Rushdie is loathed — and not just by the mediaevally minded bigots of Islamabad, Tehran and the Finsbury Park mosque. He seems to be loathed by everyone else, too. No sooner had his knighthood been announced than the British Right waded into attack. They hate Rushdie because he has dared, from time to time, to cast doubt upon the righteousness of Britain’s imperial history, been a bit snide about the monarchy and occasionally remarked that our society was not always what is is cracked up to be. Can he not show gratitude, asked the Daily Mail’s Peter McKay in a column of magnificently ignorant bile. We give him expensive police protection when the mad mullahs order his death and he repays us by continuing to speak his mind. Beneath all this is the usually unspoken intimation of racism: Salman — well, he’s a darkie, isn’t he? A chippy little wog. Comes from Bombay or Mumbai or somewhere ghastly like that. You’d think he’d feel even more beholden to his adopted country (or his once adopted country) and less inclined to stick the boot in. You can’t trust them, can you? There is a strand of thought on the right which holds that immigrants — be they second, third or fourth generation — should simply shut up and mind their ps and qs.

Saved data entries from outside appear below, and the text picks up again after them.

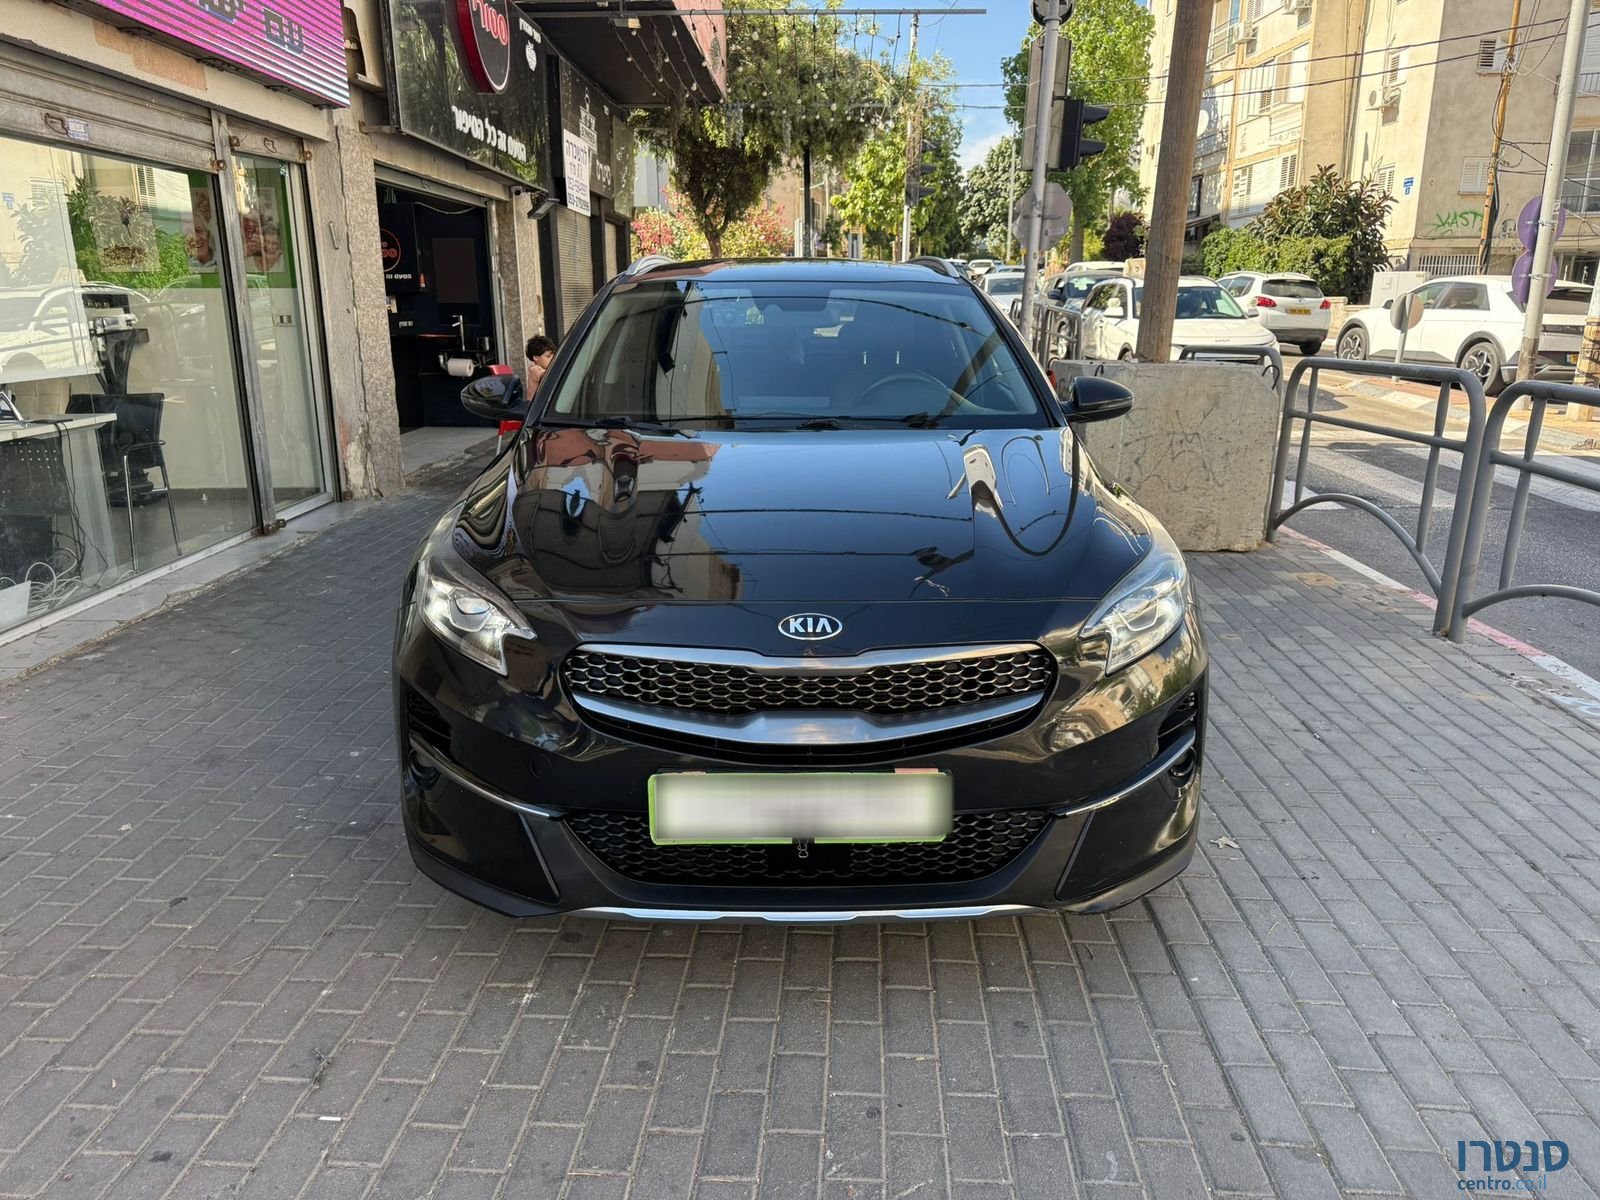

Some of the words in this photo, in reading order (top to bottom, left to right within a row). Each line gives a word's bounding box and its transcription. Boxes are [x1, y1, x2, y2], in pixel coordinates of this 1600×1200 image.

[451, 104, 485, 142] הסיפור
[484, 117, 497, 147] כל
[789, 617, 832, 633] KIA
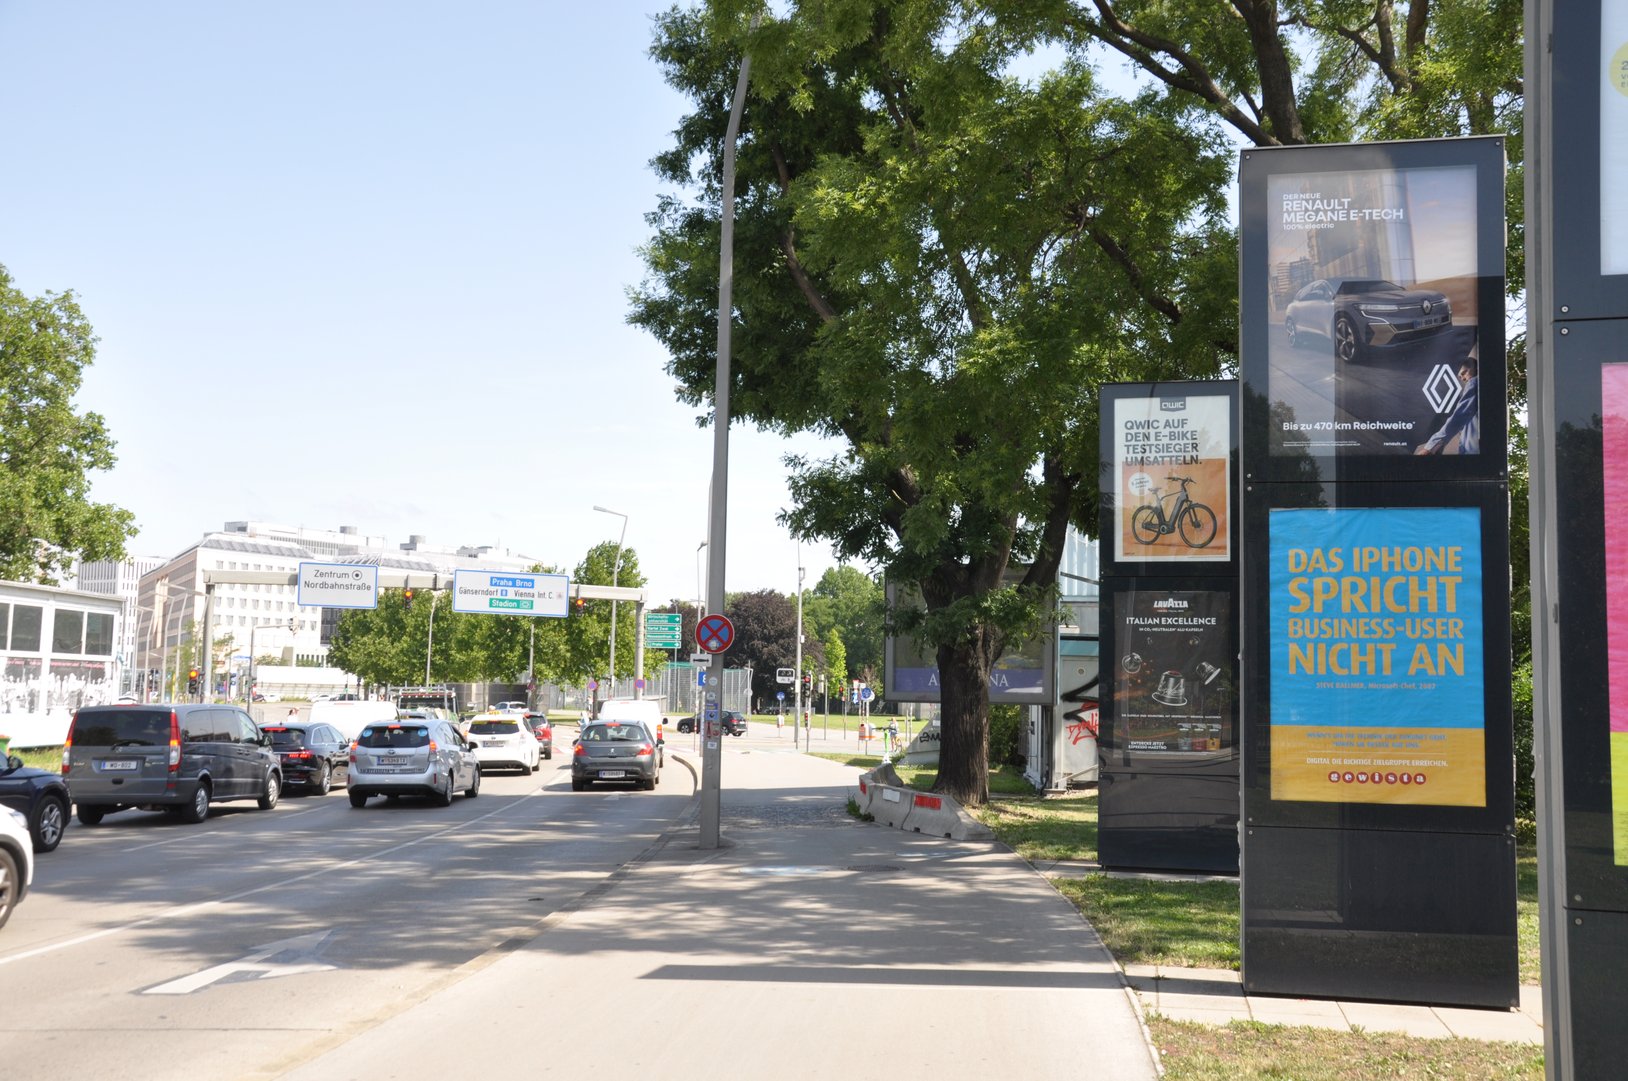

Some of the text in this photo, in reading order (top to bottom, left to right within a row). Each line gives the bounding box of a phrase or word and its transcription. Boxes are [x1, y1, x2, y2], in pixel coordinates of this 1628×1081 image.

[1283, 198, 1351, 212] RENAULT
[1283, 208, 1403, 223] MEGANE E-TECH
[1124, 418, 1188, 430] QWIC AUF
[1283, 422, 1298, 430] Bis
[1313, 421, 1333, 430] 470
[1334, 421, 1351, 429] km
[1125, 430, 1198, 442] DEN E-BIKE
[1124, 442, 1199, 454] TESTSIEGER
[1125, 454, 1202, 466] UMSATTELN.
[1288, 546, 1463, 573] DAS IPHONE
[314, 569, 350, 579] Zentrum
[304, 580, 371, 591] Nordbahnstraße
[491, 578, 533, 587] Praha Brno
[514, 589, 535, 599] Vienna
[1288, 576, 1463, 613] SPRICHT
[491, 600, 518, 608] Stadion
[1153, 598, 1189, 608] LAVAZZA
[1126, 617, 1217, 625] ITALIAN EXCELLENCE
[1288, 617, 1464, 639] BUSINESS-USER
[1288, 642, 1465, 676] NICHT AN
[1329, 772, 1426, 784] gewista

The British Left hates him, if anything, even more. It has long carried a torch for Islam, despite the misogyny, homophobia and authoritarian impulses of the ideology — a political mispositioning occasioned, first and foremost, by the doctrine of multiculturalism. Also, Rushdie is not quite yer bona fide leftie, is he? He’s been a bit gung-ho about the war against Iraq and accused the Left of an infantile, reflexive anti-Americanism. And if the Left can’t get him for that, then they can always get him for having accepted the award and expressing himself to be humbled by it. Some Cambridge academic called Priyamvada Gopal (who he? — ed.) took a swipe on both of these grounds in, natch, the Guardian. The honour is a reward for Rushdie having divested himself of his old anti-establishment credentials, for having cosied up to the government.

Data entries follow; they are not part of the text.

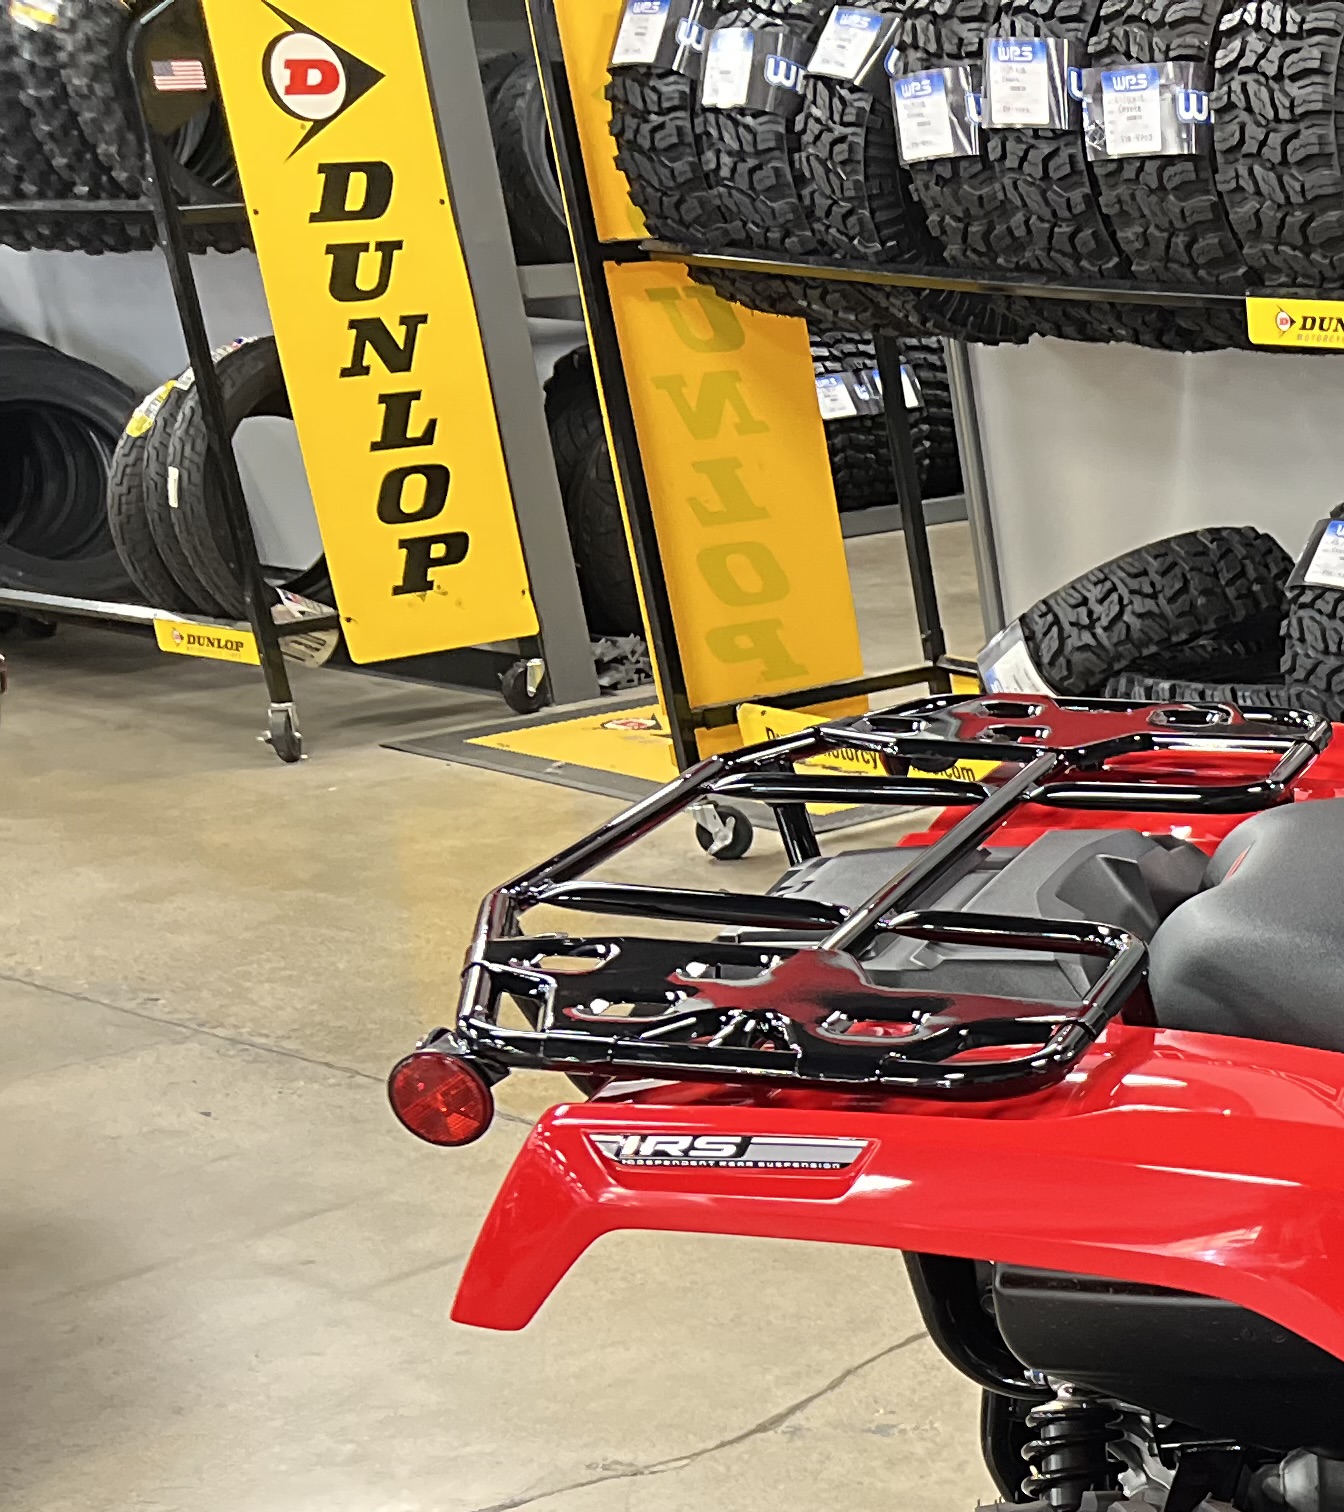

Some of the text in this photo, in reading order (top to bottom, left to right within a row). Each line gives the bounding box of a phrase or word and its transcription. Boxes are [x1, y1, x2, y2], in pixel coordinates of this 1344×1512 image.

[997, 44, 1034, 62] WPS
[283, 59, 341, 96] D
[1112, 73, 1148, 91] WPS
[901, 79, 932, 98] WPS
[309, 161, 469, 596] DUNLOP
[187, 634, 244, 652] DUNLOP
[620, 1135, 742, 1157] IRS
[621, 1158, 841, 1169] INDEPENDENT REAR SUSPENSION

And another anachronistic leftie, Will Self, did likewise in the Evening Standard. Isn’t it all more bother than it’s worth, accepting a knighthood, knowing the trouble it will cause, Self wondered aloud to his readers. Because you wouldn’t want to cause bother as a novelist, would you? Self began his attack by saying that he did not wish to offer succour to the Pakistani government as a result of his comments about the author. Aw, come on Will, why the long face? I bet right now, in Islamabad, as the diplomatic furore heightens, they’re saying to one another, ‘It’s OK, boys, we’ve been offered succour by Will Self, who used to be on that programme with Vic Reeves.’ What epic arrogance.